Oh and one last thing. There's sort of a-- you can't see that right there. One last thing that I should say about Church, it's based on Scheme. But a lot of the people that have sort of been doing a lot of work on it have become more in love with JavaScript. In fact, the thing that you're going to be working on is sort of a JavaScript implementation of Church under the hood.

And they've started to implement something called WebPPL, so Web Probabilistic Programming Language. It's a language that's specifically a derivative of JavaScript. For those of you who like JavaScript, you can play with that.

And if you go to WebPPL.org, if you search for WebPPL, again, I can leave you the link for that. It's sort of here, but you can't see it. There are, again, a lot of nice examples there of different programming language-- programs that you can write in JavaScript. OK, that was a very long-winded introduction, caveats, and setting up different things.

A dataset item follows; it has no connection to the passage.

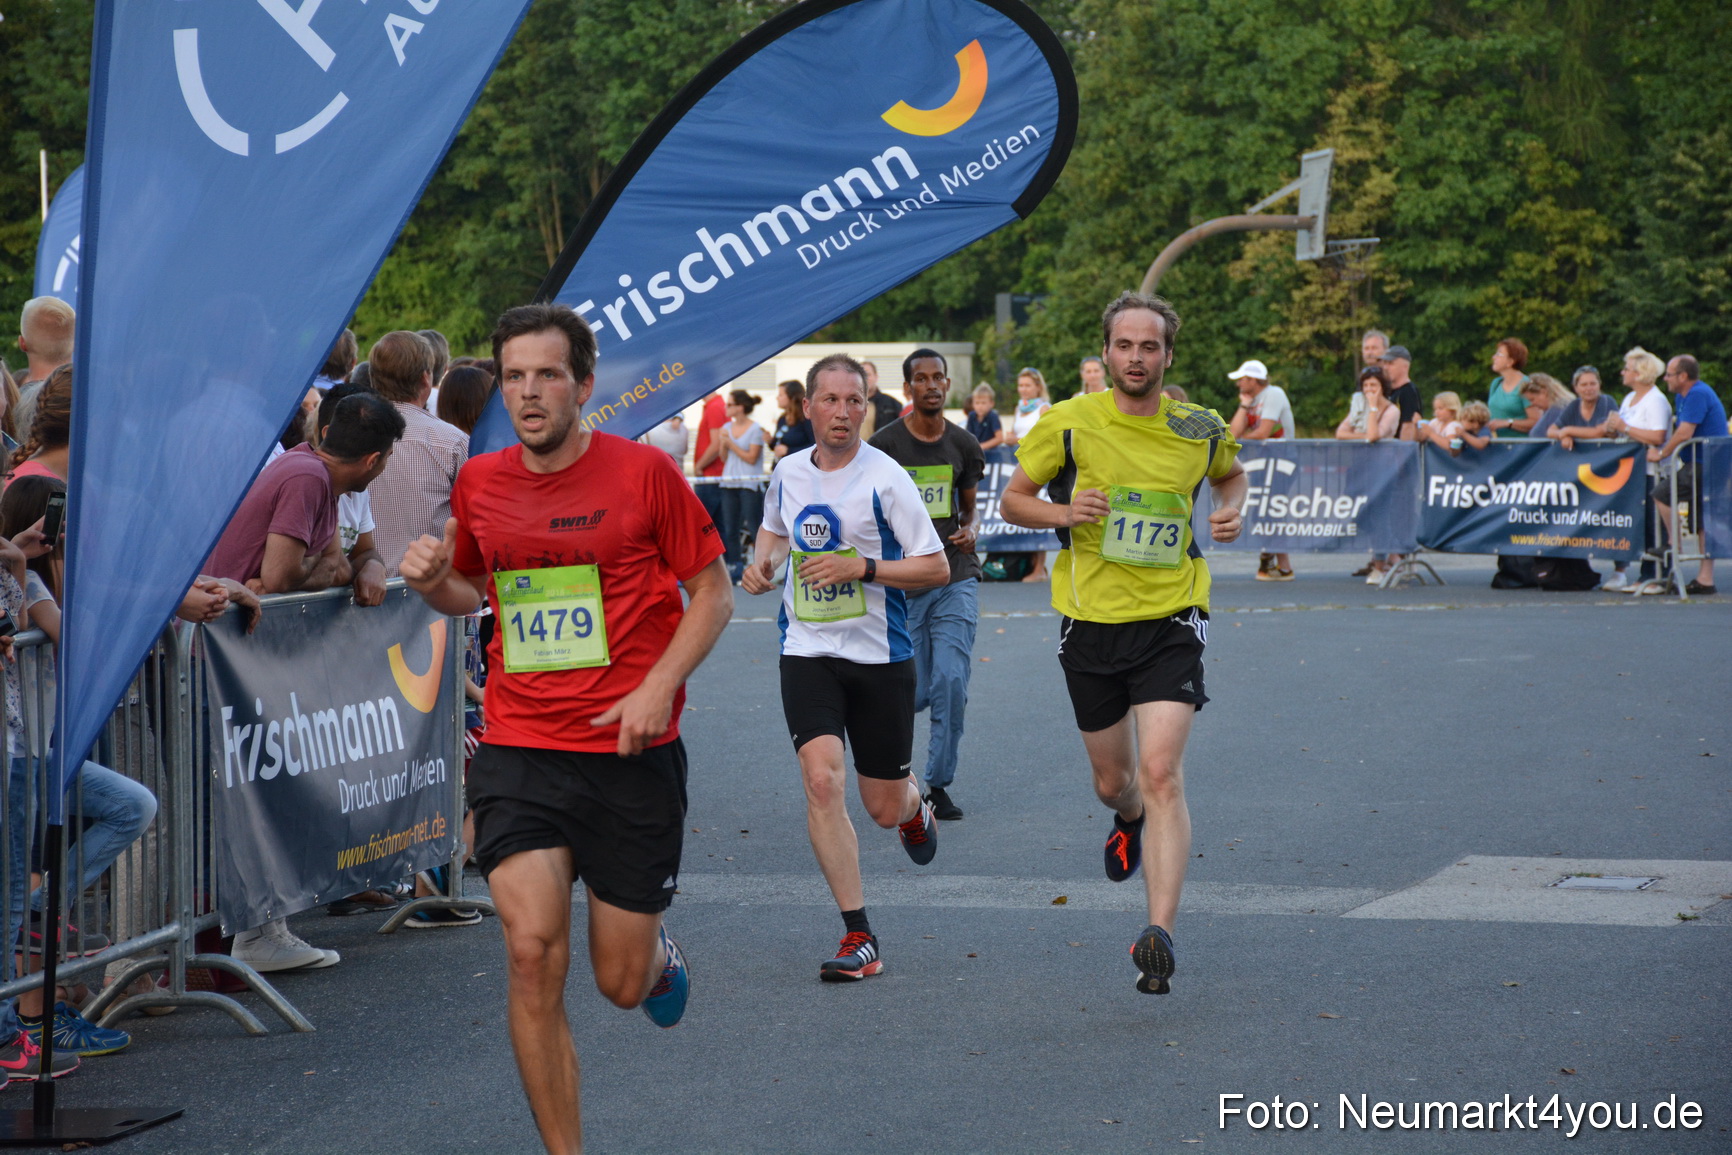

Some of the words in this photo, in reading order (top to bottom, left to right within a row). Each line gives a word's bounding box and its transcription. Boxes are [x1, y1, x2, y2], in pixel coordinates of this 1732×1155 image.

The objectives for this tutorial is, first of all, to become familiar with the Church syntax, it can be a little wonky, if you don't know it, at first, to run forward a few models to give you an example of just, before inference, an example of, here's my forward model, here's how I describe the world, now let's try sampling from it. Let's sample, sample again, sample again, sample again, see what distributions we get.

Get a sense for the point that I'm going to make a few times, which is once you write your forward model, that is a representation of a distribution-- and I'll come back to this point, but just, sort of, keep that in mind. You write down a program. And you run it forward. And you get a sample. You run it again and you get a different sample. You run it in the limit, you get some distribution.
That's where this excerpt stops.